- Relator(a)
- Ministra Daniela Teixeira
- Órgão julgador
- Quinta Turma
- Data do julgamento
- 27/11/2024
- Data de publicação
- 04/12/2024
STJ – Acórdão, Rel. Ministra Daniela Teixeira, Quinta Turma, j. 27/11/2024, p. 04/12/2024
DIREITO PENAL. HABEAS CORPUS. ASSOCIAÇÃO PARA O TRÁFICO DE DROGAS. ART. 35 DA LEI 11.343/2006. CONFIGURAÇÃO DO DELITO. NECESSIDADE DE ESTABILIDADE E PERMANÊNCIA DA ASSOCIAÇÃO. SUFICIÊNCIA DO CONJUNTO PROBATÓRIO. REEXAME DE MATÉRIA FÁTICO-PROBATÓRIA. INVIABILIDADE. ORDEM DENEGADA. I. CASO EM EXAME 1. Habeas corpus impetrado contra acórdão que manteve a condenação do paciente pelo delito de associação para o tráfico de drogas (art. 35 da Lei 11.343/2006), com fundamento na existência de provas suficientes de autoria e materialidade.
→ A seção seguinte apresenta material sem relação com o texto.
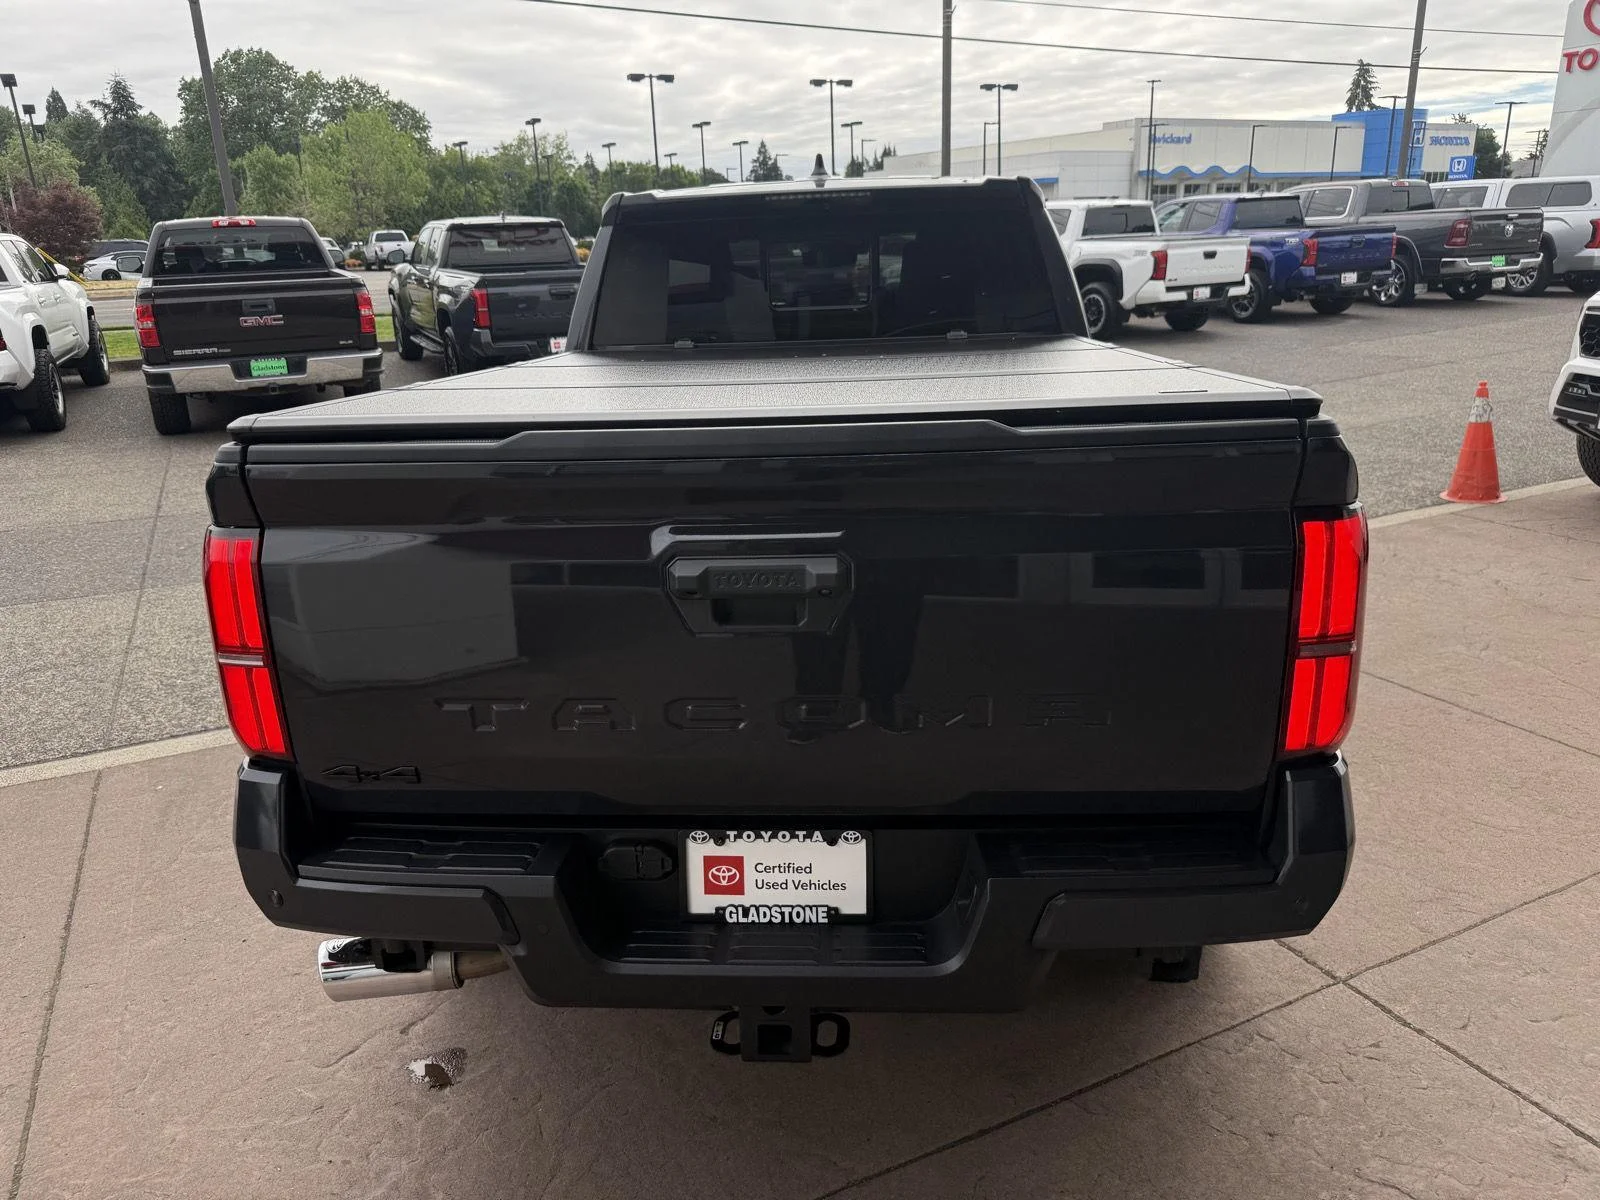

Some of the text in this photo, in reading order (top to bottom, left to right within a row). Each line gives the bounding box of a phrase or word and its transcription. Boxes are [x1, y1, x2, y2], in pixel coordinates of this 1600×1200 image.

II. QUESTÃO EM DISCUSSÃO 2. A questão em discussão consiste em verificar se o conjunto probatório dos autos comprova o vínculo de estabilidade e permanência necessário para a configuração do crime de associação para o tráfico, bem como se seria possível a desclassificação para o delito de colaboração eventual com o tráfico, previsto no art. 37 da Lei 11.343/2006. III. RAZÕES DE DECIDIR 3. Para a configuração do crime de associação para o tráfico de drogas, é imprescindível a demonstração de estabilidade e permanência no vínculo entre os envolvidos, conforme estabelece a jurisprudên cia. 4. No caso concreto, as instâncias ordinárias consideram que o conjunto probatório, notadamente a apreensão de rádio transmissor em funcionamento da frequência do tráfico, em ponto de tráfico, bem como na prova oral amealhada, indicam a participação do paciente de forma estável na organização criminosa. 5. A desclassificação para o crime de colaboração eventual com o tráfico (art. 37 da Lei 11.343/2006) não se justifica, pois as provas apontam para uma atuação estável e permanente na organização. 6. A revisão das provas demandaria um reexame fático-probatório, o que é inviável na via do habeas corpus. 7. O paciente não preenche os requisitos para que lhe seja concedida a substituição da pena privativa de liberdade por restritivas de direitos, nos termos do art. 44, inciso II, do Código Penal. IV. ORDEM DE HABEAS CORPUS DENEGADA. (HC n. 849.436/RJ, relatora Ministra Daniela Teixeira, Quinta Turma, julgado em 27/11/2024, DJEN de 4/12/2024.)